[[ MATERIAL SHOWN, beginning ]]

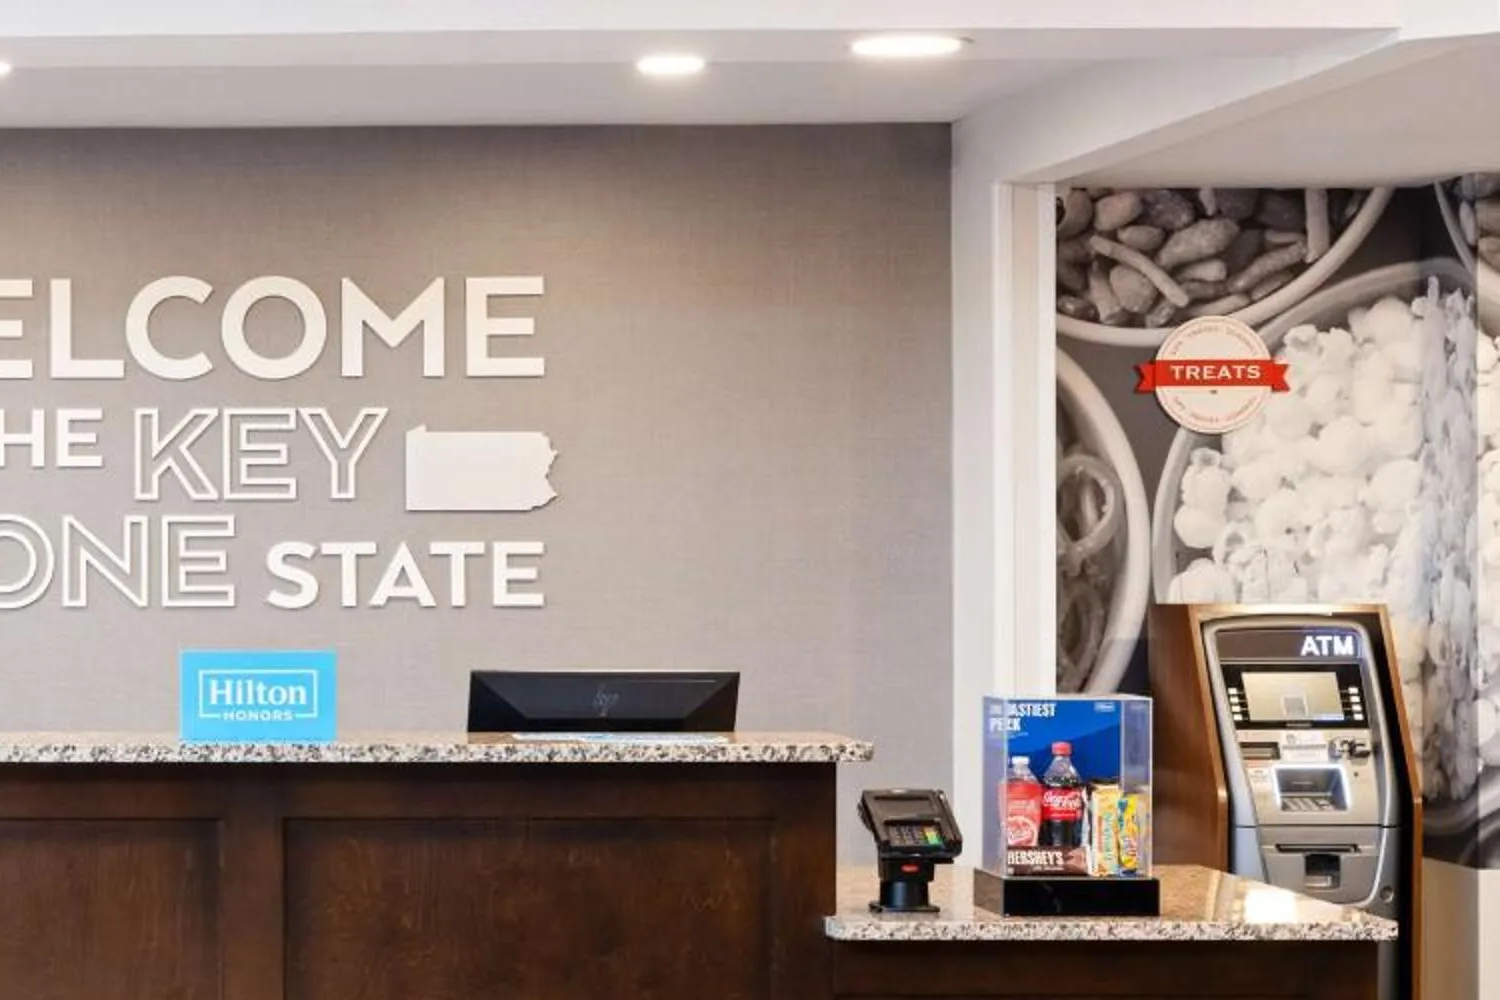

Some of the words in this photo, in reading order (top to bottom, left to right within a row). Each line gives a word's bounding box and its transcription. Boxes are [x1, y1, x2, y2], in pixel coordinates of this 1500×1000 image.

[1170, 365, 1261, 381] TREATS
[133, 406, 389, 502] KEY
[265, 541, 546, 610] STATE
[1300, 636, 1354, 656] ATM
[209, 679, 307, 706] Hilton
[223, 709, 294, 721] HONORS
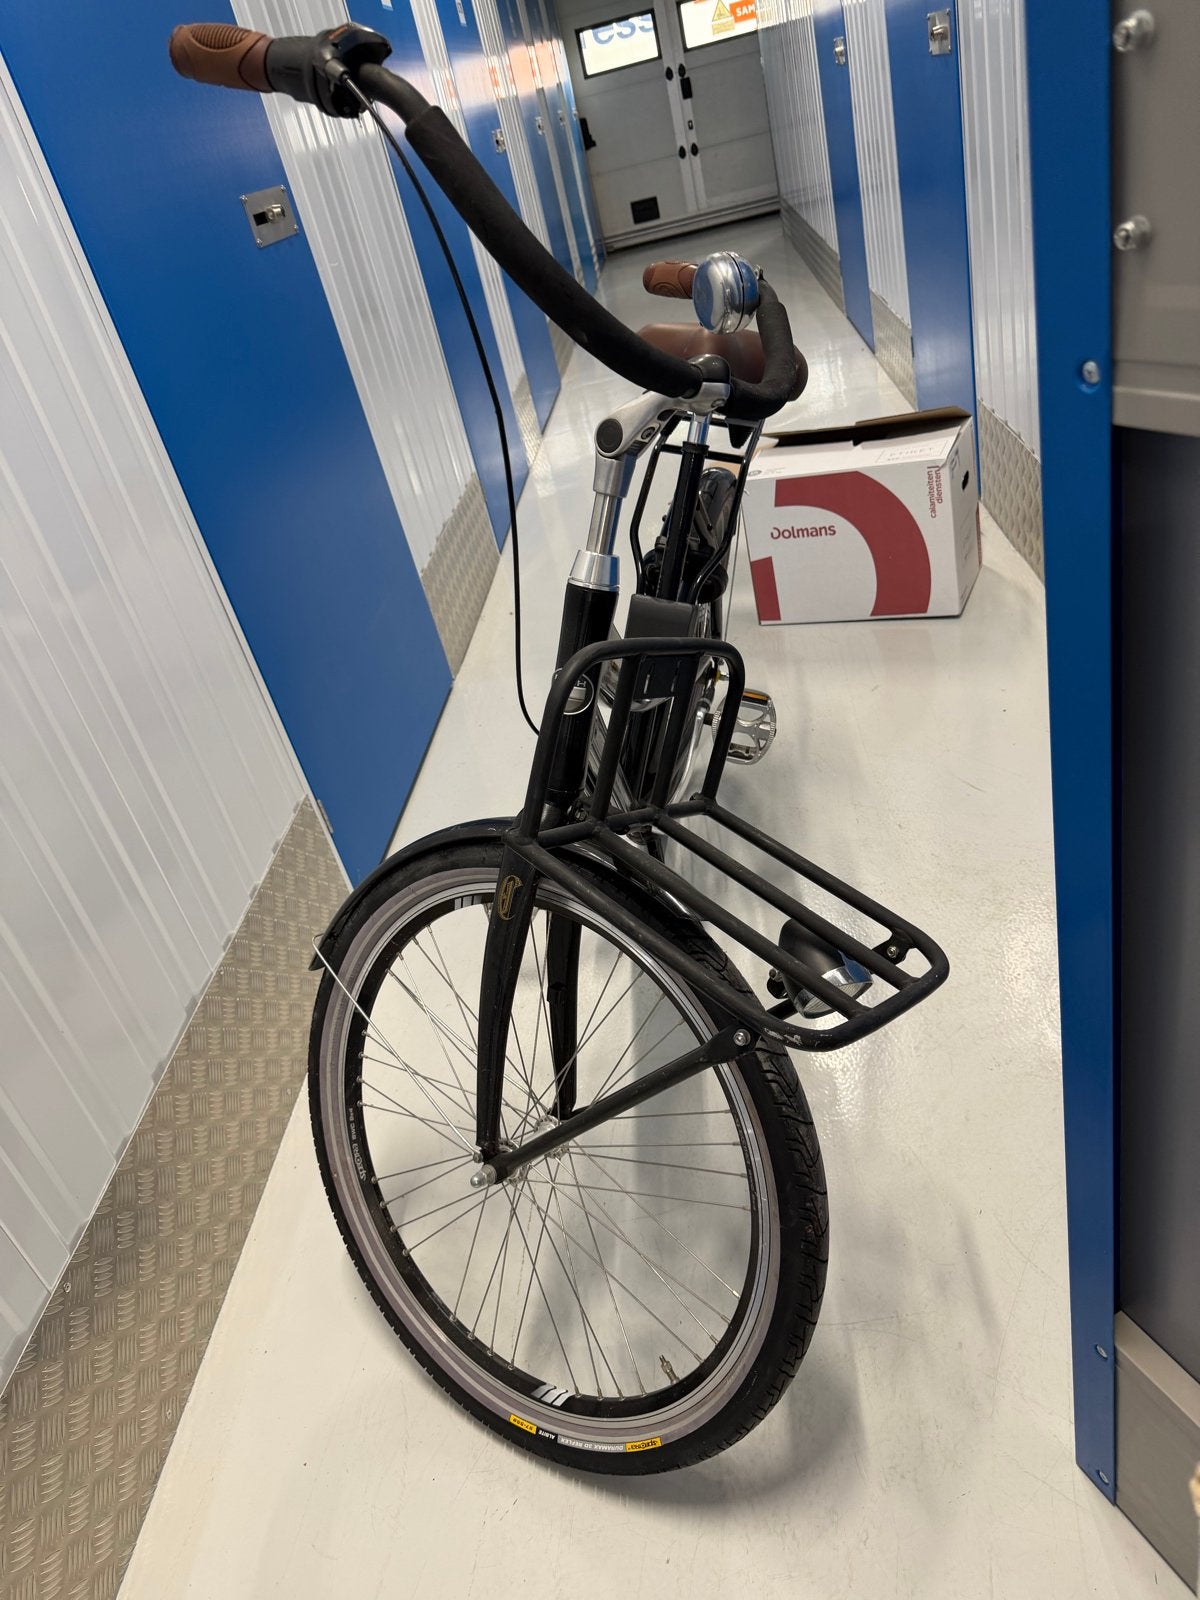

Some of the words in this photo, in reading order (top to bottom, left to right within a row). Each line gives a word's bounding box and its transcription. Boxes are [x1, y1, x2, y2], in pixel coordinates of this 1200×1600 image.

[934, 468, 943, 504] diensten
[928, 469, 937, 519] calamiteiten
[770, 525, 836, 540] Dolmans
[560, 1437, 583, 1448] REFLEX
[594, 1443, 624, 1451] DURAMAX

[[ MATERIAL SHOWN, end ]]

(INSTRUCTIONS FOR THE TASK): Retype all of the listing above exactly, but keep its pictures out.

(WRITTEN SOLUTION):
Some of the words in this photo, in reading order (top to bottom, left to right within a row). Each line gives a word's bounding box and its transcription. Boxes are [x1, y1, x2, y2], in pixel coordinates of this 1500×1000 image.

[1170, 365, 1261, 381] TREATS
[133, 406, 389, 502] KEY
[265, 541, 546, 610] STATE
[1300, 636, 1354, 656] ATM
[209, 679, 307, 706] Hilton
[223, 709, 294, 721] HONORS

Some of the words in this photo, in reading order (top to bottom, left to right within a row). Each line gives a word's bounding box and its transcription. Boxes are [x1, y1, x2, y2], in pixel coordinates of this 1200×1600 image.

[934, 468, 943, 504] diensten
[928, 469, 937, 519] calamiteiten
[770, 525, 836, 540] Dolmans
[560, 1437, 583, 1448] REFLEX
[594, 1443, 624, 1451] DURAMAX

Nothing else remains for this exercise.